§ **What you will do**
Give again the line that contains "this 2352×1568 image." and every line after it to the end of the records. Keep them exactly as they are and add nothing.

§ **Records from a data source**
BEGIN
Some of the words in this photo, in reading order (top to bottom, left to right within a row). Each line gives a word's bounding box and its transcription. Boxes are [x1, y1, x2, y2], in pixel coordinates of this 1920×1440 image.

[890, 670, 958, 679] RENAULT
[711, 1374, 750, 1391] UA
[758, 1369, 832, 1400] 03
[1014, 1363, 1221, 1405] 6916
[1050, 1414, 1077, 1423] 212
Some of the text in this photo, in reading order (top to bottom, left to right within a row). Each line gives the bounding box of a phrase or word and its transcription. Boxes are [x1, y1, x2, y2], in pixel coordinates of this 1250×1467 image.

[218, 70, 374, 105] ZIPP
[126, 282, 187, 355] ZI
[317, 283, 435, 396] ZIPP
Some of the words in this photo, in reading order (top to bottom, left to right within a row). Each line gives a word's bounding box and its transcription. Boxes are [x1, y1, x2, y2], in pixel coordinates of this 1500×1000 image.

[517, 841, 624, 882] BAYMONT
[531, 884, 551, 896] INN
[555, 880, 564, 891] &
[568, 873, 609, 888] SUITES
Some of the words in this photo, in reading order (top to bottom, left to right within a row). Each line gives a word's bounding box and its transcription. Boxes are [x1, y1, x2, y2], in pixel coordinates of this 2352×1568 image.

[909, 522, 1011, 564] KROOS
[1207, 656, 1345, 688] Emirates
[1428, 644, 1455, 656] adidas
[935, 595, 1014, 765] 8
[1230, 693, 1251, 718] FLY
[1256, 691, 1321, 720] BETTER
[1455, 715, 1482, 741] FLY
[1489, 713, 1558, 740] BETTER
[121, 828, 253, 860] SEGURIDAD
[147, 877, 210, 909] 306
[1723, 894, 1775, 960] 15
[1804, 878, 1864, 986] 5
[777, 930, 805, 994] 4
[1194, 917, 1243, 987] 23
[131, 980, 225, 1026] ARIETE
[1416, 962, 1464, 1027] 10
END
§ **Output of the task**
Some of the words in this photo, in reading order (top to bottom, left to right within a row). Each line gives a word's bounding box and its transcription. Boxes are [x1, y1, x2, y2], in pixel coordinates of this 2352×1568 image.

[909, 522, 1011, 564] KROOS
[1207, 656, 1345, 688] Emirates
[1428, 644, 1455, 656] adidas
[935, 595, 1014, 765] 8
[1230, 693, 1251, 718] FLY
[1256, 691, 1321, 720] BETTER
[1455, 715, 1482, 741] FLY
[1489, 713, 1558, 740] BETTER
[121, 828, 253, 860] SEGURIDAD
[147, 877, 210, 909] 306
[1723, 894, 1775, 960] 15
[1804, 878, 1864, 986] 5
[777, 930, 805, 994] 4
[1194, 917, 1243, 987] 23
[131, 980, 225, 1026] ARIETE
[1416, 962, 1464, 1027] 10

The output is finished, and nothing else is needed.